Like many Lebanese Australians I've been watching the mass protests taking place in Lebanon with hope and trepidation. Hope that government reforms, or a change of government, will bring about meaningful transformation in economic management, transparency and the provision of public services. Fearful because of the possibility of civil war.
Having grown up in Lebanon's Tripoli I couldn't escape the images of poor street kids, beggars, and the collapsing infrastructure. I could escape Lebanon however. I was born in Australia and to many Lebanese people that's a winning ticket. With staggering unemployment, endemic political graft and high costs of living many people would leave Lebanon if they could.
Before the 17 October protests erupted, the government in its efforts to access an $11 billion pledge by international donors introduced further austerity measures including a WhatsApp tax. This was the straw that broke the camel's back. The people in Lebanon had been suffering silently for too long.
The protests have been unprecedented. They took place across the country with hundreds of thousands rallying around the red and white cedar flag, images of which have been circulating internationally and through social media. The protests were made up of people from across all religious and political divides. In a country with a system of confessional consociationalism that's a big deal.

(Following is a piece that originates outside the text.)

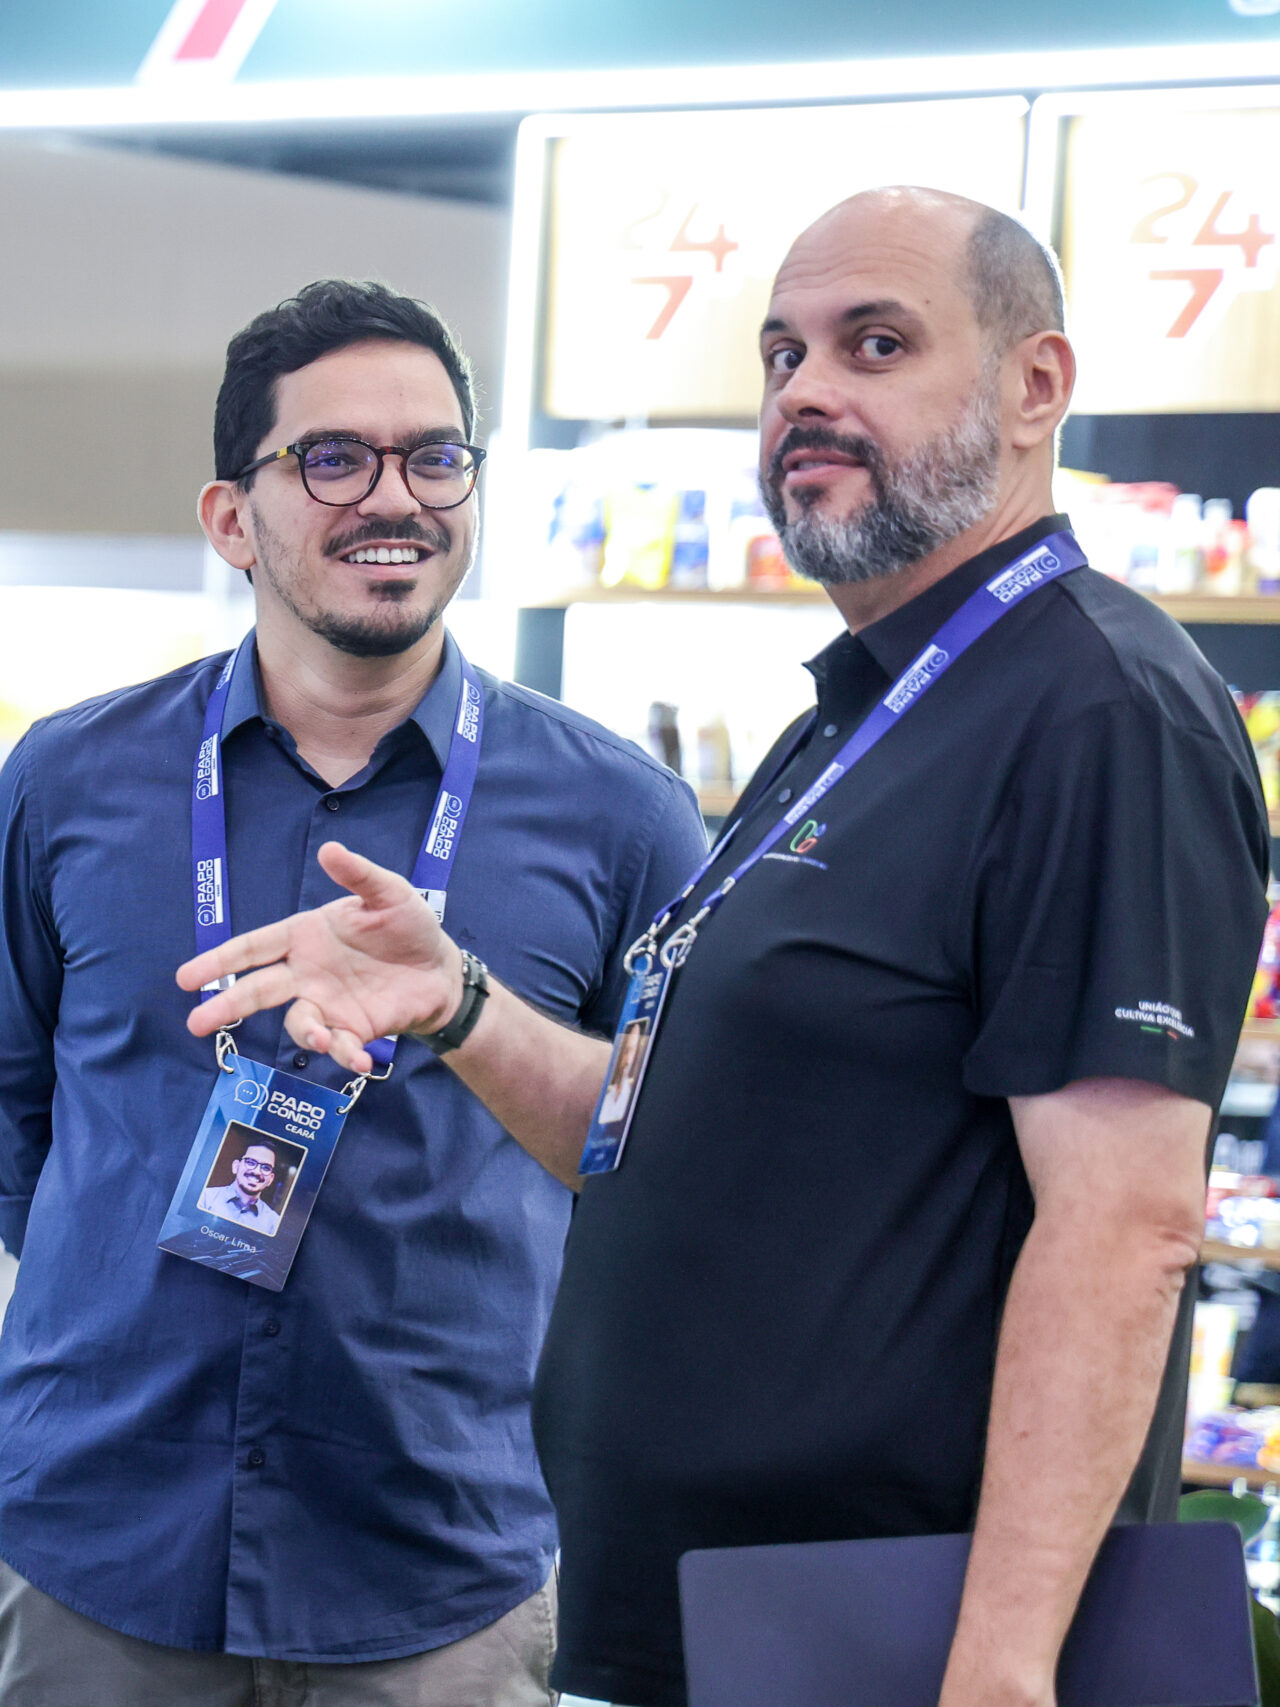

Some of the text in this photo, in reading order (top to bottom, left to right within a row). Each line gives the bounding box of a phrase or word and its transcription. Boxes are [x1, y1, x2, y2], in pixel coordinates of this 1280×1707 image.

Amid calls by protesters for a technocratic government, Prime Minister Saad Hariri has resigned and President Michel Aoun has even suggested that Lebanon shift from a confessional system of governance to a civil one. Many have criticised Lebanon's confessional consociationalism which mandates power sharing based on religious sects. It is commonly known, and constitutionally required, that the president must be a Maronite Christian, the Prime Minster a Sunni Muslim and the Speaker of the House a Shia Muslim.
The sectarian system has, as Calfat writes, its origins in the Ottoman millet system which empowered local religious leaders with judicial power and divided resources accordingly. This system was further entrenched under the French mandate post WWII and then again under the Taif Agreement ending Lebanon's civil war in 1990.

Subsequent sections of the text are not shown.